Şimdi dua vaktidir, diyerek dertlerin sahibinin huzurunda secdeye kapanmak ne büyük nimet ne büyük huzur.
Dua dışında çok mühim olan bir şeyde kalbimizi kıran kişiye bunu söylemektir. Çünkü istemeden kalp kırdıysa bunu bilmeye muhakkak hakkı vardır. Kul hakkıyla ahirete göçmek ne büyük azaptır. O kişinin kalbimizi onarmasına izin vermeli ve hakkımızı helal etmeliyiz.
Kelimeler bir kalbi kırmaya yetiyor, dedik. Birde şu zamanlarda ve hatta insanın olduğu bütün zamanlarda kalp kırmaya sebep olan şeylerden biri de siyasettir.
Bediüzzaman Said Nursi diyor ki:” Euzu billahi mine`ş-şeytani ve`s-siyase.” Birçokları bu sözü yanlış yerde ve yanlış amaçlarda kullansa da asıl mana farklıdır.
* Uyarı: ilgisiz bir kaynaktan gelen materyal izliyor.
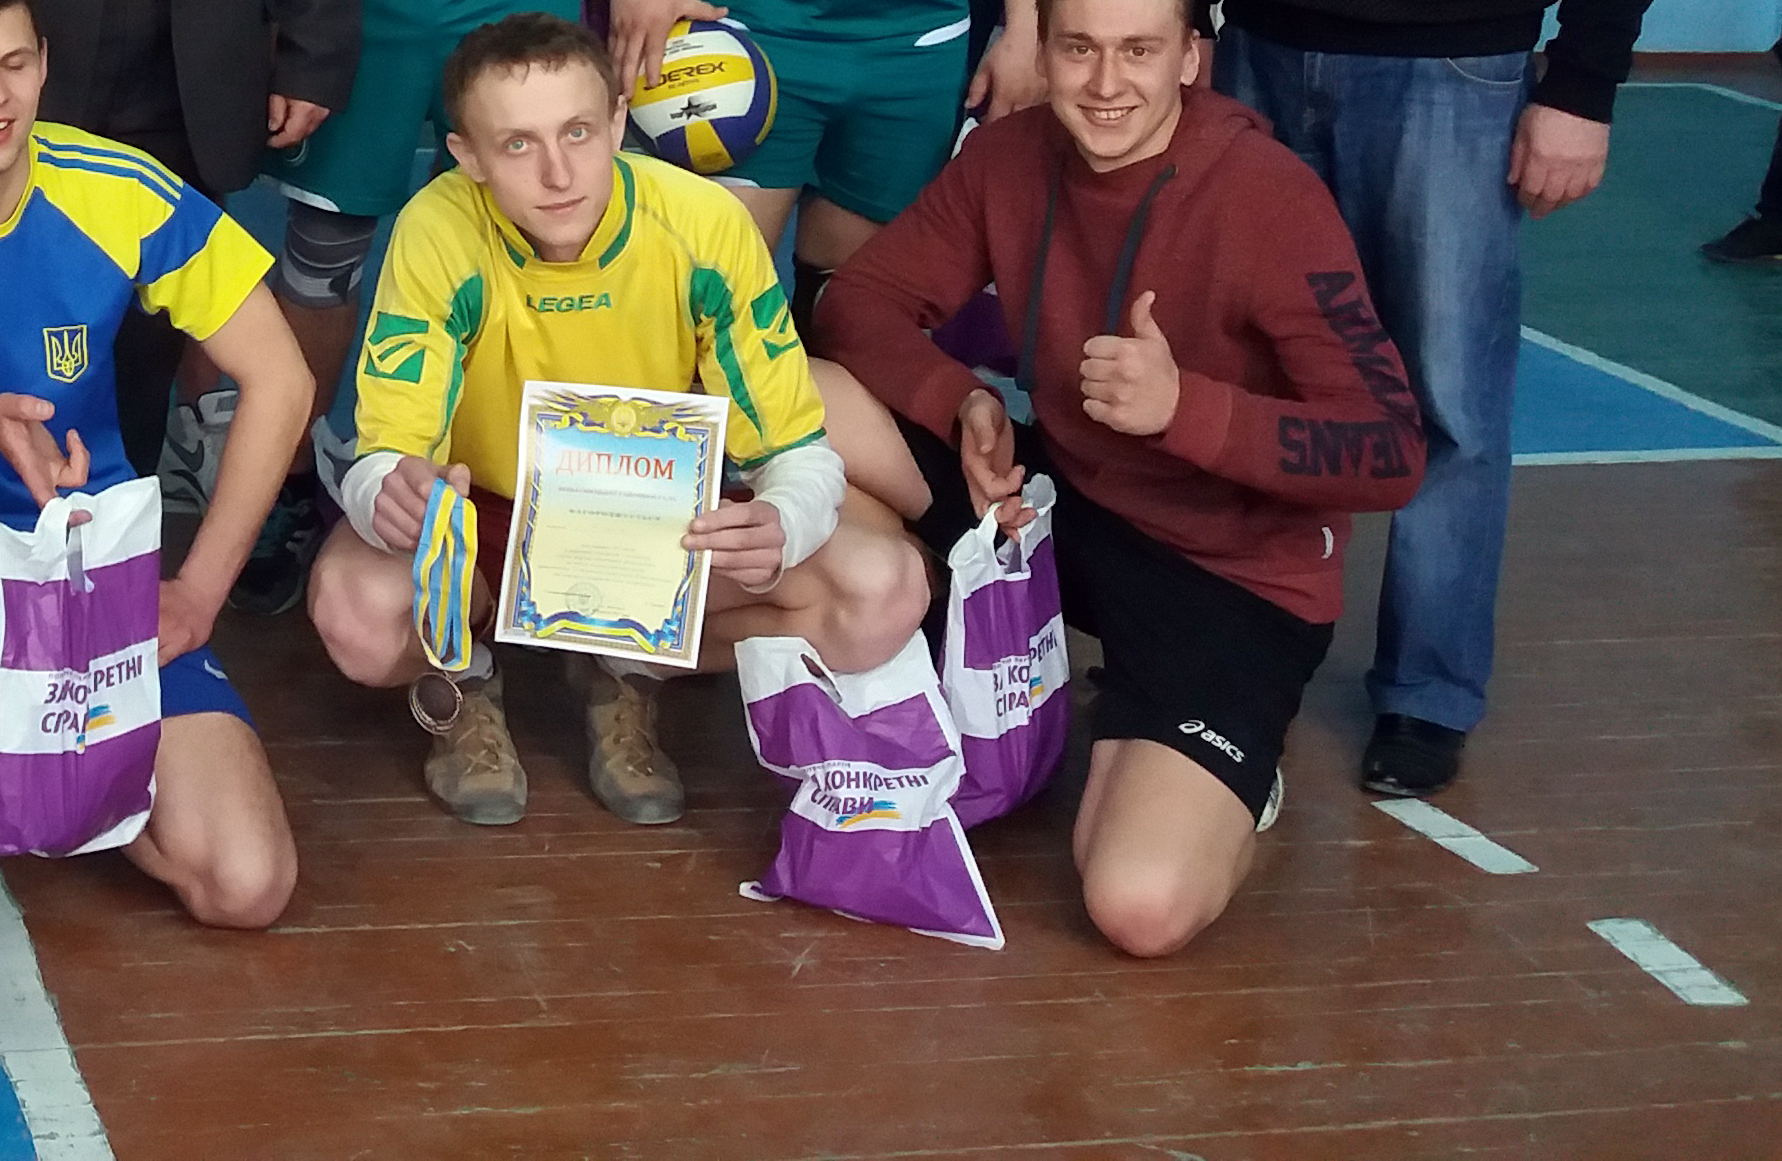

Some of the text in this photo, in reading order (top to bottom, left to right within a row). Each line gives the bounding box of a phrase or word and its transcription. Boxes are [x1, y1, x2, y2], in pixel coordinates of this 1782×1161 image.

[526, 292, 612, 313] LEGEA
[555, 449, 676, 481] ДИПЛОМ
[1200, 729, 1245, 763] asics
Bir manasının da kalp kırmak ile ilgili olduğunu düşünüyorum. Çünkü toplumda siyasetin girdiği ortamda eğer farklı görüşten insanlar bir aradaysa kalp kırmak çok yüksek bir ihtimaldir. Birilerinin kalbi konuşmanın sonunda kırılacaktır. Bu yüzden şuna çok dikkat etmeliyiz: Hayatta kalpten daha mühim bir şey yoktur. Her şey gelip geçer ama biz kalplerde hissettirdiklerimizle kazanırız veya kaybederiz. Kazanmak veya kaybetmekten kastım maddi bir şey değil, en büyük gaye olan Allah’ın rızasıdır.
Emin olalım ki bir çift gözden düşen damlanın sebebiysek kalbimiz hep rahatsız olacaktır. Eğer o kalbe sağır ve kör değilsek elbette.
Allah bizleri istemeden veya isteyerek bir kalbi kırmaktan, bir damla gözyaşı olup kırık kalpten akmaktan muhafaza etsin. Bin düşünüp, bir konuşalım vesselam…
GENÇ'ın Yazısı.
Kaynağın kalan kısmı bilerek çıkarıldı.